Comparing Alternate View Methods It is almost inevitable that users will want to view data via multiple methods. You need to consider which technique to use to meet your users' needs. While there are no absolutes for choosing one method over another, Table 3-1 provides some guidance for making this choice.

Whichever way you choose to implement alternate views of the data, doing so means that you will be meeting a critical need of your end users to see and calculate data in a variety of ways.

 

Varying Attributes

Varying attributes can be thought of as an extension of the attribute capability. They are neither a dimension type nor a data type, but have elements of each to enable you to store data associations that change over other dimensions. Varying attributes let you vary information in one dimension by up to four additional dimensions. For example, if you classify employees by marital status or number of dependents, you can vary this over time. If an employee has no dependents in January, but has twins in April, you can classify data correctly in each time period.

 

 Comparison of Features Supported by the Alternate View Techniques

Table 3-1. Comparison of Features Supported by the Alternate View Techniques

 

 

Varying attributes let you model slowly changing dimensions

Figure 3-26. Varying attributes let you model slowly changing dimensions.

 

You can vary information across up to four independent dimensions. Using our package type attribute as an example, you could vary the packaging over time and geography, as shown in Figure 3-26.

There are no special client requirements to query a varying attribute. The structure is modeled into the database, and users simply query the information like any other Essbase data. However, using Smart View, it is possible to produce alternate views of the data based upon specific attribute associations, for example, view the data as it would have been if all associations were as specified in March.

 

Choosing a Data Storage Model

A key decision in design is the type of model you choose. When we talk about Essbase model types, we are not talking about the classifications of OLAP (MOLAP, HOLAP, ROLAP, and XOLAP). Rather, we are referring to the two storage types available within Essbase: aggregate storage and block storage.

Often, the model type is a direct result of user or analytic requirements. Other times, either Essbase model type can meet the requirements, and the choice is simply a matter of performance and maintenance considerations.

 

Block Storage

Block storage is the historical storage methodology in Essbase. Databases using this storage method hold data in small linear arrays, called blocks. The easiest way to think about a block storage model is by looking at a spreadsheet like the one in Figure 3-27. For the sake of this discussion, assume that the entire block structure is represented on this spreadsheet.
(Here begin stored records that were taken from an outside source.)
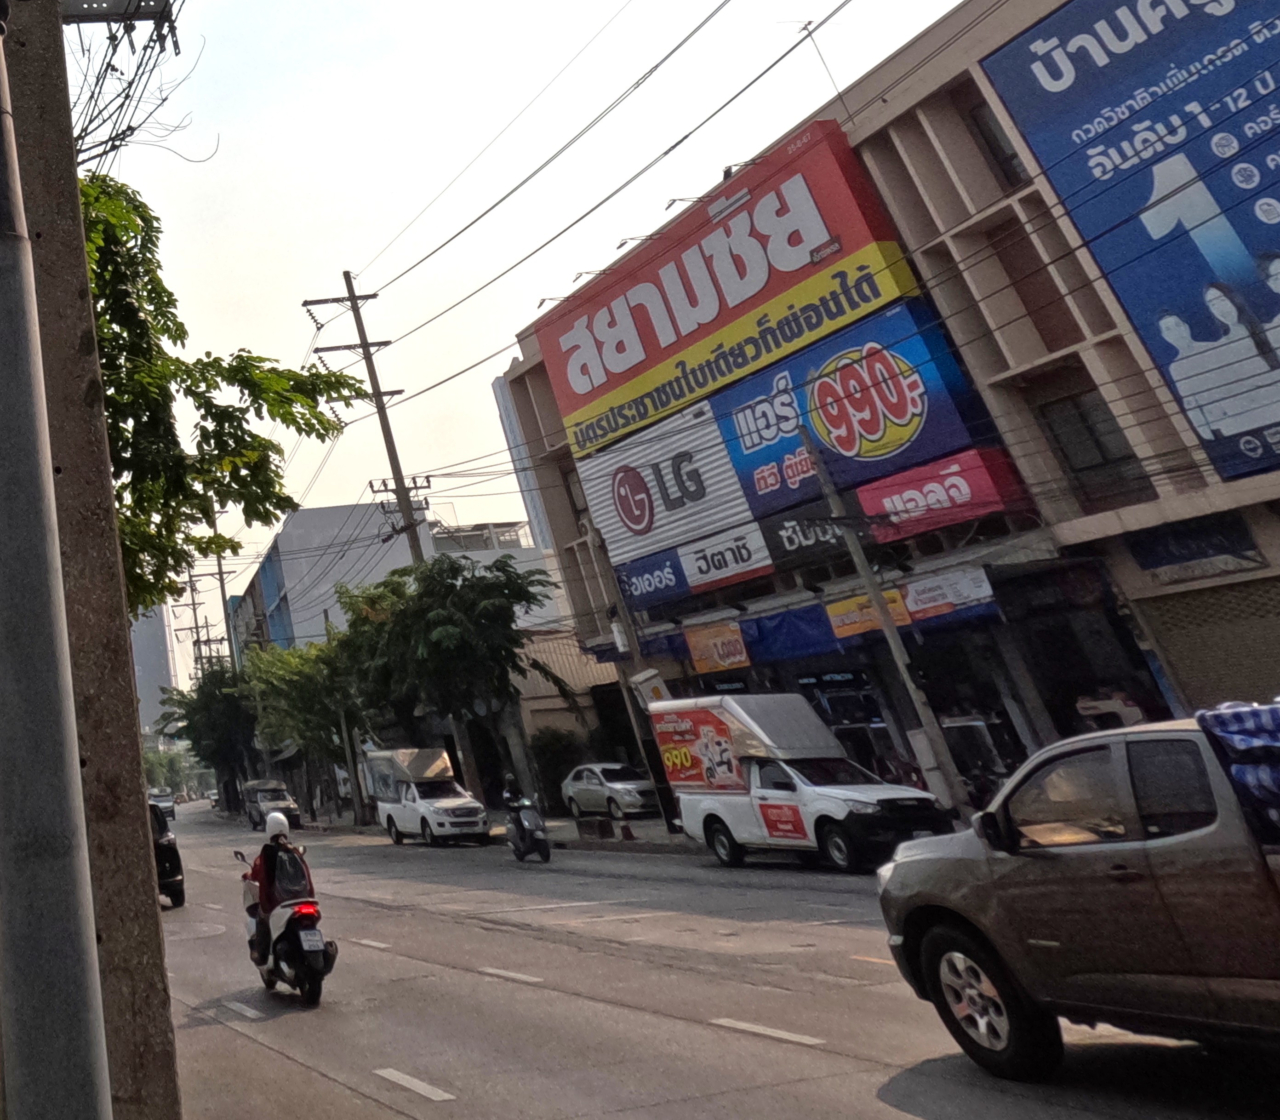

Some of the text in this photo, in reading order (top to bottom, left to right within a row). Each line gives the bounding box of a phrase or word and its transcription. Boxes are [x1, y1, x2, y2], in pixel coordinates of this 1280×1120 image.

[1086, 114, 1188, 181] อันดับ
[558, 172, 832, 395] สยามชัย
[573, 265, 882, 451] บัตรประชาชนใบเดียวก็ผ่อนได้
[733, 371, 803, 454] แอร์
[650, 450, 707, 512] LG
[754, 461, 782, 495] ทีวี
[882, 463, 971, 524] แอลจี
[693, 536, 753, 576] ฮิตาชิ
[778, 520, 845, 551] ซัมซุ
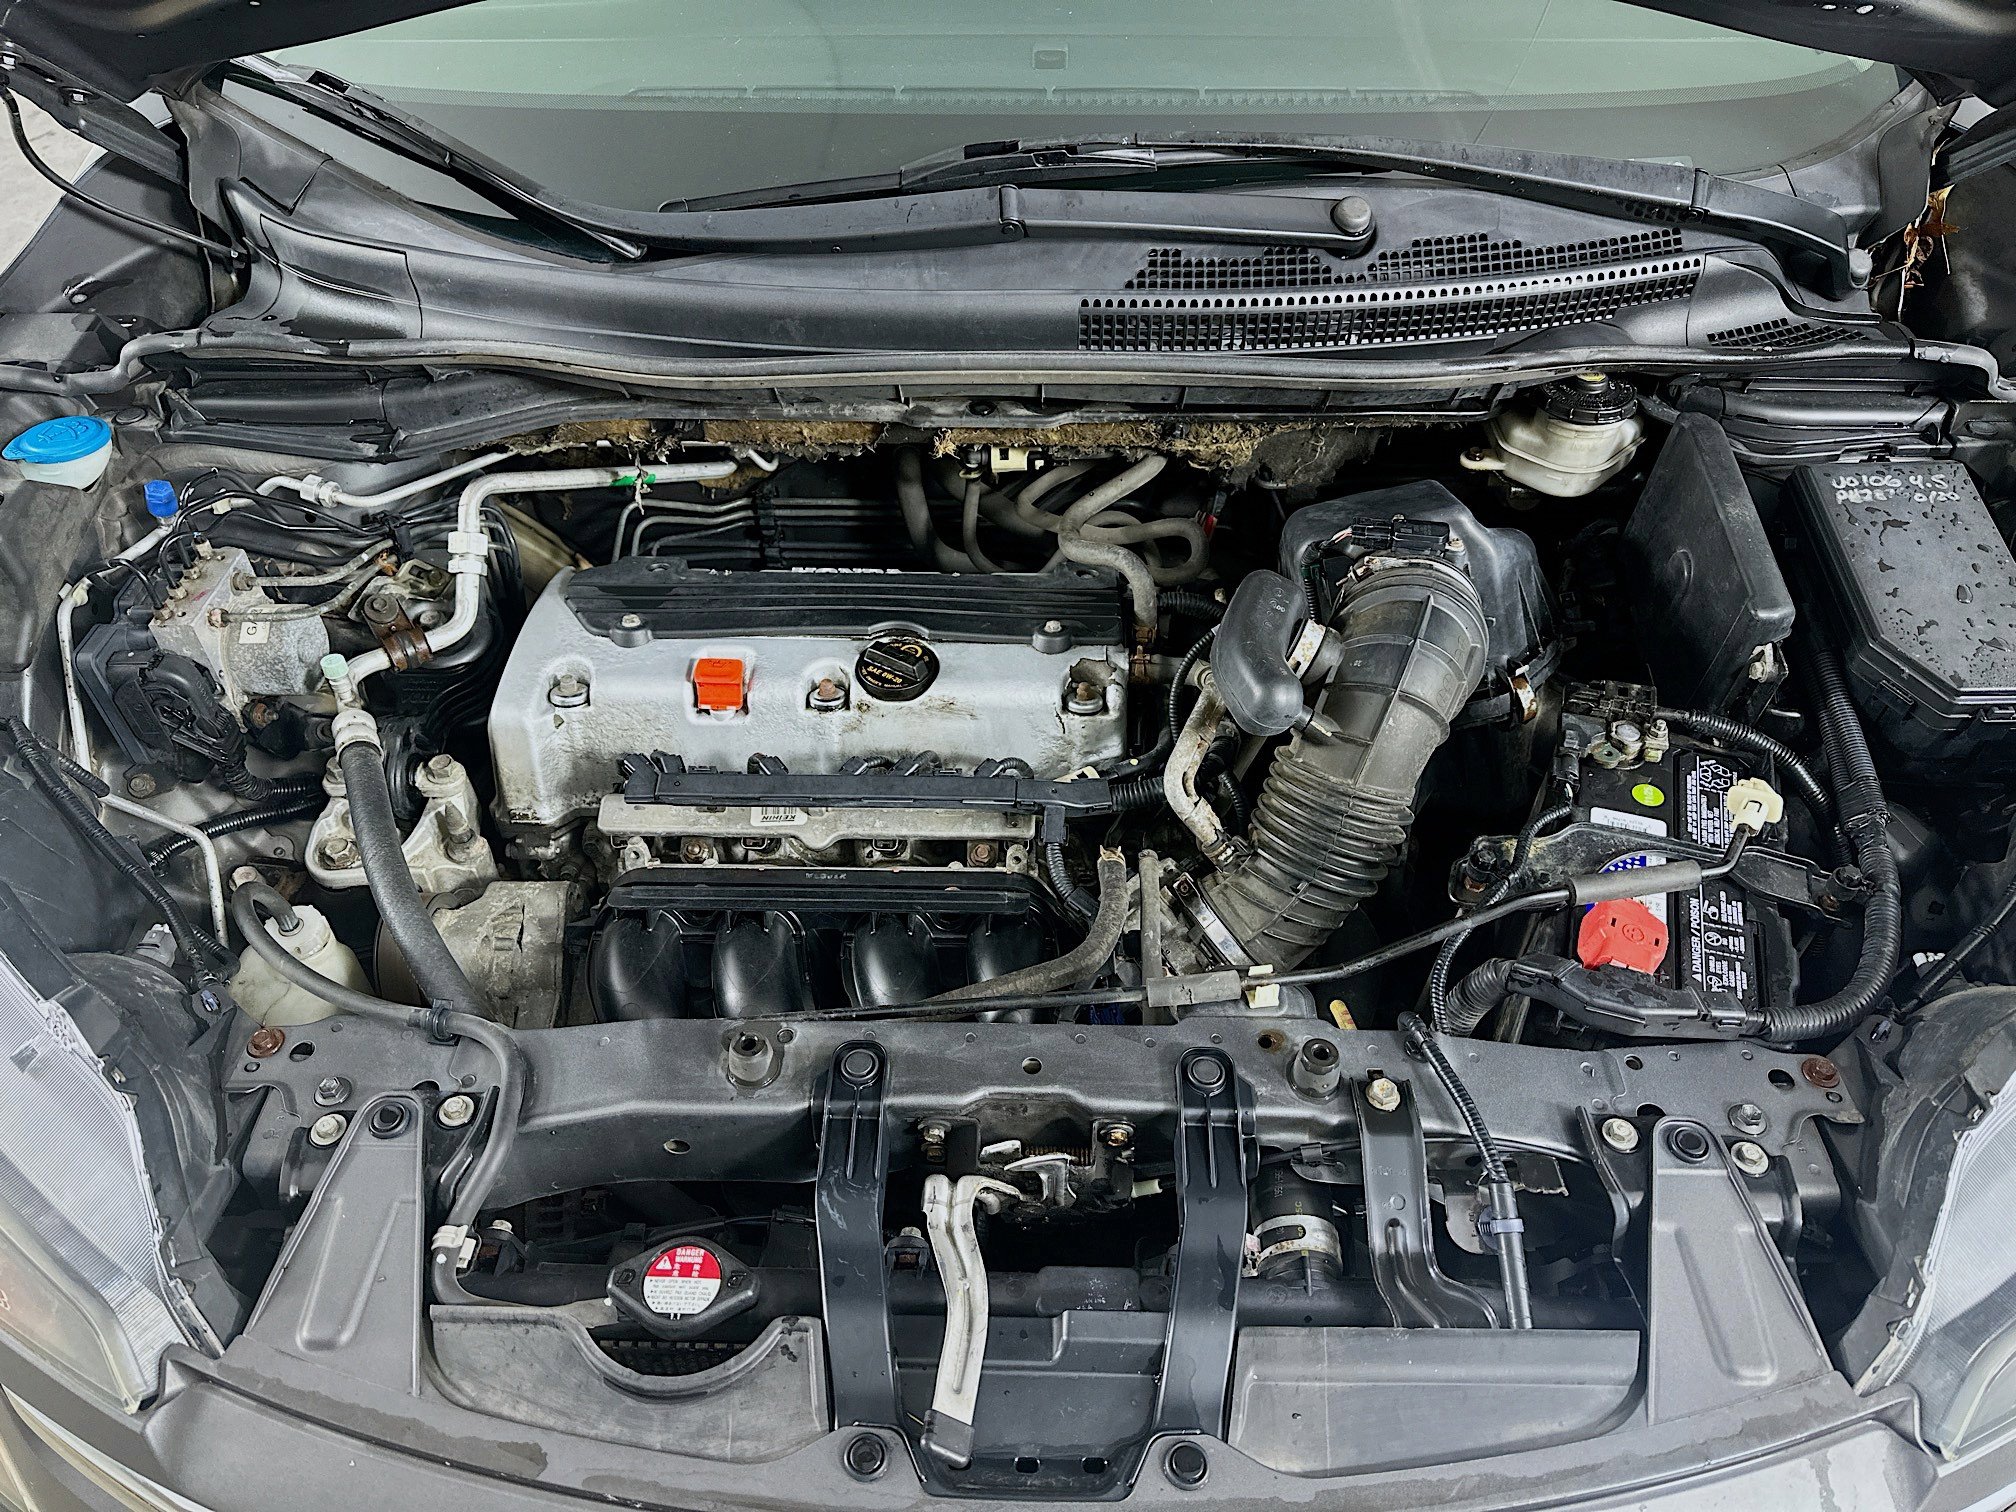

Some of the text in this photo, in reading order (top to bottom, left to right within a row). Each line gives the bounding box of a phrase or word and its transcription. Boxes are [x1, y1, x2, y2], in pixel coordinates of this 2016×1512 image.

[761, 814, 797, 822] KEIHIN
[1689, 897, 1701, 930] POISON
[1691, 936, 1702, 973] DANGER
[676, 1248, 705, 1256] DANGER
For every intersection where a piece of data exists, Essbase creates a block. Using our example, every block in the database contains all the members under Year and all of the members under Profit. Essbase also creates a block for every intersection of Product, Market, and the scenario (Actual, Budget, and so forth) where there is numeric data. For example, if you have a sale for product 100-10 in New York for the Actual scenario, one block is created. If you then put in a value in

 

Block storage saves data in blocks of memory

Figure 3-27. Block storage saves data in blocks of memory.

 

for same product and market in the Budget scenario, a new block is created. And if you sell product 100-10 in Boston in the Actual scenario, this is another block.

All blocks have the same time periods and same accounts. The specific numeric values will most likely be different. Essbase preallocates the space for data storage. Whenever you query values from or submit values to the database, the specific block or blocks need to be brought into memory.
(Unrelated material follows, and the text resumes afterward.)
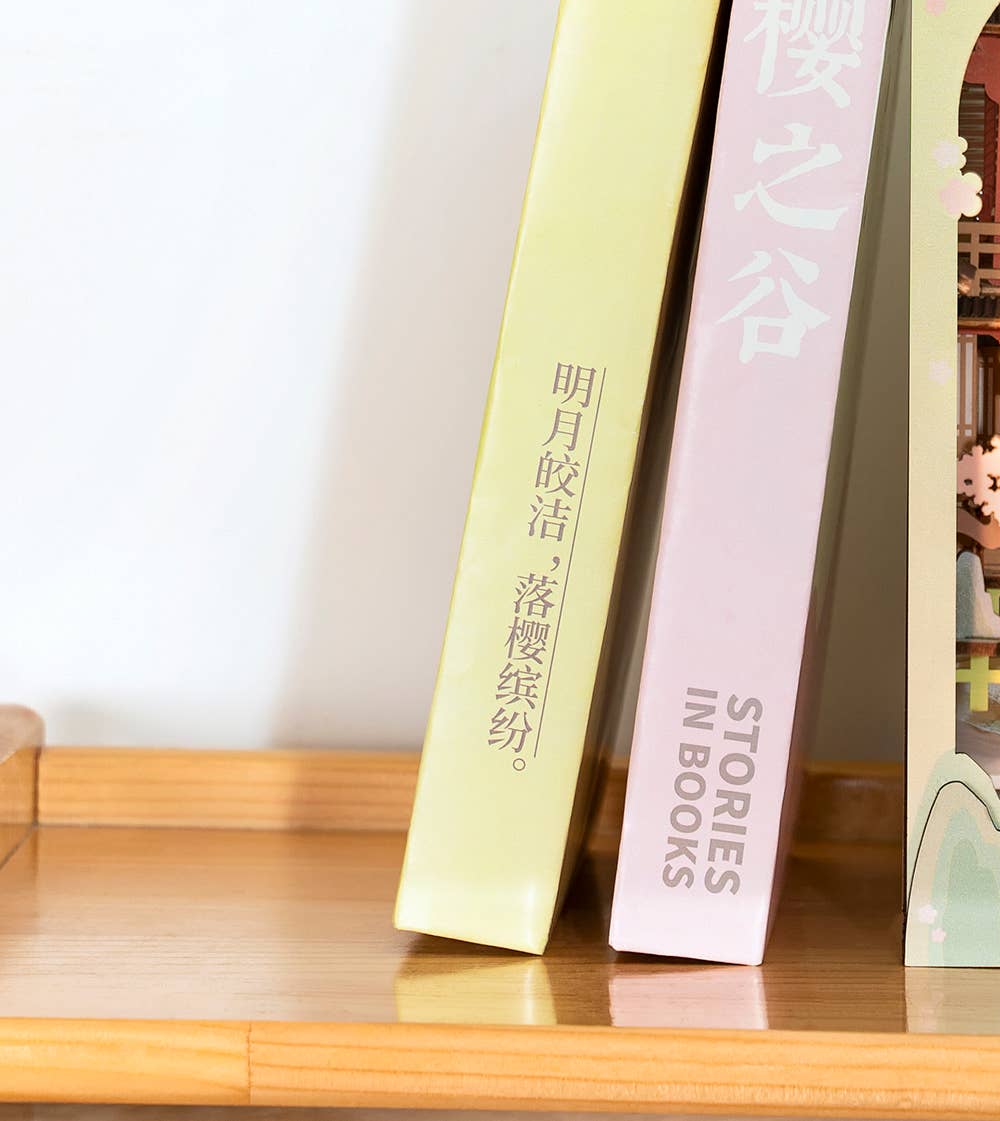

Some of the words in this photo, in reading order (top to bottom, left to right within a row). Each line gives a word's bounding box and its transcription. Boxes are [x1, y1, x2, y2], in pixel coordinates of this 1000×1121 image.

In general, block storage supports a smaller number of dimensions and overall members. For example, if there are 10,000 members in the Market dimension and 1,000 products, this represents 10,000,000 blocks (assuming every product has data for every market). But even though the overall dimensionality, members, and data tend to be smaller for block storage databases, these databases do not need to be small. We have worked with many block storage databases that have millions of members and hundreds of gigabytes of input data.

Block storage databases have the following functional advantages:

  • Upper-level input You can input a total charge at an upper level, such as the dimension level, and then use an allocation method to push those values down to the members. For example, you can input a total charge at all markets and at all products and allocate the values down to individual product SKUs in individual cities. Upper-level inputs are particularly useful in situations where you want to do target budgeting or perform allocations such as a corporate overhead charge.
  • Preaggregated values You can have Essbase precalculate every intersection. This means that query times (assuming the data request volume is synonymous) from request to request are consistent. In practice, however, many intersections of a block storage database are left to calculate dynamically at retrieval time. Total time period values, such as the total at Quarter 1, are often dynamically calculated as an overall efficiency practice
  • Period-to-date reporting Period-to-date reporting capabilities come out of the box with block storage databases.
  • Procedural calculations You have complete control over calculation behavior, down to the cellular level. If you need to model a complex calculation process, such as a goal-seeking calculation, you can control the process in detail with a calculation script.

 

Aggregate Storage

Aggregate storage databases store and manage data very differently from block storage databases. Instead of storing data in arrays (blocks), aggregate storage databases work with cells. In a block storage database, if you query a single value from a block, the entire structure comes into memory on the server. In an aggregate storage database, the same data that we used in the block storage example is represented as 136 data cells. Now if you query a single value, only that value is retrieved.

Because data structures are not preallocated, aggregate storage database can handle very expanded dimensionality and a lot more data. For instance, we have worked with models containing more than 10 million customers in a single dimension, as well as those with multiple millions of members per dimension in many dimensions.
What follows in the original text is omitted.